How to complete this task:
Transcribe exactly, and only, the lines from the one containing "this 1288×966 image." through the end of the material.

Data in this exercise:

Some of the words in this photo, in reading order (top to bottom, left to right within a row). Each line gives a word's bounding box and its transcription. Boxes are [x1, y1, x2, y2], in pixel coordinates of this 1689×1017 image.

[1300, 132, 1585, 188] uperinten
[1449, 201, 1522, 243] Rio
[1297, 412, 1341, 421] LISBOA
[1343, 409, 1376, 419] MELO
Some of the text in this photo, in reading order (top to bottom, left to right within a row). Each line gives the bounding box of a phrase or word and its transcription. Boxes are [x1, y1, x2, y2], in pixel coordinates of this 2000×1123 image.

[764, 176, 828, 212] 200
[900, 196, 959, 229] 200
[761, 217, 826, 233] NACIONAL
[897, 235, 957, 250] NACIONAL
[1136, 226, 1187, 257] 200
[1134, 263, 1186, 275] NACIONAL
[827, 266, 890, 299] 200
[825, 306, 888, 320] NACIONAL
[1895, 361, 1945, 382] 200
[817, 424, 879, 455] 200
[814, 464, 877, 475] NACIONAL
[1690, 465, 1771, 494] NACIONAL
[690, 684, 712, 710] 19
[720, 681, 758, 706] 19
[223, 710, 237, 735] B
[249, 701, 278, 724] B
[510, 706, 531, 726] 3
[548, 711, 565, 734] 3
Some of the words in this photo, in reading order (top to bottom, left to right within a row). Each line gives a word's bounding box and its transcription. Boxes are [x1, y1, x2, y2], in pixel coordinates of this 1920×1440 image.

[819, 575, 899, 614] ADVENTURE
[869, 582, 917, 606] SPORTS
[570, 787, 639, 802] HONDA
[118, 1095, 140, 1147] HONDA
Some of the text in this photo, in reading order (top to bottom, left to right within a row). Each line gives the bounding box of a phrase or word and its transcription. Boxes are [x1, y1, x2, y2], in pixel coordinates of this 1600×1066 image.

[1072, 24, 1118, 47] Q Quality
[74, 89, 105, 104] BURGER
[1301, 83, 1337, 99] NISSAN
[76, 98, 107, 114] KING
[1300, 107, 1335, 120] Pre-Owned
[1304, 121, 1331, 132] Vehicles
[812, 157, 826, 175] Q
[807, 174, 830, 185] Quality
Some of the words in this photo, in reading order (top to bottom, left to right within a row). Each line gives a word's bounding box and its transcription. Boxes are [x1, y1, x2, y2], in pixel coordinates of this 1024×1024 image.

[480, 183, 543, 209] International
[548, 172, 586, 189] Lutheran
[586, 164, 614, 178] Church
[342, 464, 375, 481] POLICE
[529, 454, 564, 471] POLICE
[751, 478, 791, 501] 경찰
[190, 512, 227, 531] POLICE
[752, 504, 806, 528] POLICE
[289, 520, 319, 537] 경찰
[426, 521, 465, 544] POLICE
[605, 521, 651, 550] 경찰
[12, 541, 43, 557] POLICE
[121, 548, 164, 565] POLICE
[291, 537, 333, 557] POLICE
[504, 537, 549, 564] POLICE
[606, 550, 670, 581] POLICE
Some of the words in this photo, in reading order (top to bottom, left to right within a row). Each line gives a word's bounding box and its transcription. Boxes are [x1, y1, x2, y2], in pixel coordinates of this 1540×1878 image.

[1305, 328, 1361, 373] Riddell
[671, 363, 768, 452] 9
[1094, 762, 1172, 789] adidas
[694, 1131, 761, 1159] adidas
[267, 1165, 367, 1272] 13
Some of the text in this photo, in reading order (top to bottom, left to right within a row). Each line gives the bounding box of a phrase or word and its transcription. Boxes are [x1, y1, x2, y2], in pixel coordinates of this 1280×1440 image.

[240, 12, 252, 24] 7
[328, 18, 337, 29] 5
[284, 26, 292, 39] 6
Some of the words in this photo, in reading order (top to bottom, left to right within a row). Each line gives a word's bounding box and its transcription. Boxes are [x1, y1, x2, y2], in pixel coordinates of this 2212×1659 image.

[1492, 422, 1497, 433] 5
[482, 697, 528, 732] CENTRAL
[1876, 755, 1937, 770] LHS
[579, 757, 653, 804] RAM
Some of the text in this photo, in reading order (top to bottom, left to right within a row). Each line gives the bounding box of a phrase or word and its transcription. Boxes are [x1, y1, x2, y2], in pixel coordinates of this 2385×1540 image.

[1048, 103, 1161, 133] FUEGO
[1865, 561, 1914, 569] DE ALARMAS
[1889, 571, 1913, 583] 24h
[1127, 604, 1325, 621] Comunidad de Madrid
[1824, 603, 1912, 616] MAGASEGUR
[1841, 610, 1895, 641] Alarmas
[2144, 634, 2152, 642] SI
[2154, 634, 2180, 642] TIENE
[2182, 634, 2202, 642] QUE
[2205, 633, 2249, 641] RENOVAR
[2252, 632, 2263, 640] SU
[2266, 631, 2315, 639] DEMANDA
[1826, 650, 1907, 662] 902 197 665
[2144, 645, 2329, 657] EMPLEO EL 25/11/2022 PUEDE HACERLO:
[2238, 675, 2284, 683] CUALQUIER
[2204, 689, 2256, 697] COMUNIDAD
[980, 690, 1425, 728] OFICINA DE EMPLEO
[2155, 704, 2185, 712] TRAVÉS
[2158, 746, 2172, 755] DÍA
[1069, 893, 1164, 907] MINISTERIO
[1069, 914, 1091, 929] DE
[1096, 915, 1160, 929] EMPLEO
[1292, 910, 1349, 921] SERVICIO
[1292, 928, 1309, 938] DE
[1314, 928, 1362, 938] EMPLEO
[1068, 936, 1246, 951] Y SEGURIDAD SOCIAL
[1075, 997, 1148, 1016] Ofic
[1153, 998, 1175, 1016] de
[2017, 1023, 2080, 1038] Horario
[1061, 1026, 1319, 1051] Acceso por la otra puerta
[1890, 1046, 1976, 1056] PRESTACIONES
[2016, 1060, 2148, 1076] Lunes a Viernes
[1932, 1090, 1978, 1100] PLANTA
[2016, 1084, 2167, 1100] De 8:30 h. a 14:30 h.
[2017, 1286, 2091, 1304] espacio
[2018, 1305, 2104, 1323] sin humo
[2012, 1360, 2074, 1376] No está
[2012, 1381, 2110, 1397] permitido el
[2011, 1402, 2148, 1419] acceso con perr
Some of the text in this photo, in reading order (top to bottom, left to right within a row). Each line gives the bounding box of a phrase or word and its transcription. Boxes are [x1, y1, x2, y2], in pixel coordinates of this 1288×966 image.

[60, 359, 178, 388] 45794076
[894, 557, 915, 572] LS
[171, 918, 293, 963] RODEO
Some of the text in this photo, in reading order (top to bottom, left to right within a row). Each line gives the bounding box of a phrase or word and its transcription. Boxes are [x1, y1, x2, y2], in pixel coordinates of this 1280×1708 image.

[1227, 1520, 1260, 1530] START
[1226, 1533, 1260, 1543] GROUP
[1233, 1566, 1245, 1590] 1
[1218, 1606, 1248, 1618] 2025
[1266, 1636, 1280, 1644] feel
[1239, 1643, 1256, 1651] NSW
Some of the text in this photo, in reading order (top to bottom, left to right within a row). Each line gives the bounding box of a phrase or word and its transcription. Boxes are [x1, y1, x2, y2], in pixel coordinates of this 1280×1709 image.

Your solution:
Some of the text in this photo, in reading order (top to bottom, left to right within a row). Each line gives the bounding box of a phrase or word and its transcription. Boxes are [x1, y1, x2, y2], in pixel coordinates of this 1288×966 image.

[60, 359, 178, 388] 45794076
[894, 557, 915, 572] LS
[171, 918, 293, 963] RODEO
Some of the text in this photo, in reading order (top to bottom, left to right within a row). Each line gives the bounding box of a phrase or word and its transcription. Boxes are [x1, y1, x2, y2], in pixel coordinates of this 1280×1708 image.

[1227, 1520, 1260, 1530] START
[1226, 1533, 1260, 1543] GROUP
[1233, 1566, 1245, 1590] 1
[1218, 1606, 1248, 1618] 2025
[1266, 1636, 1280, 1644] feel
[1239, 1643, 1256, 1651] NSW
Some of the text in this photo, in reading order (top to bottom, left to right within a row). Each line gives the bounding box of a phrase or word and its transcription. Boxes are [x1, y1, x2, y2], in pixel coordinates of this 1280×1709 image.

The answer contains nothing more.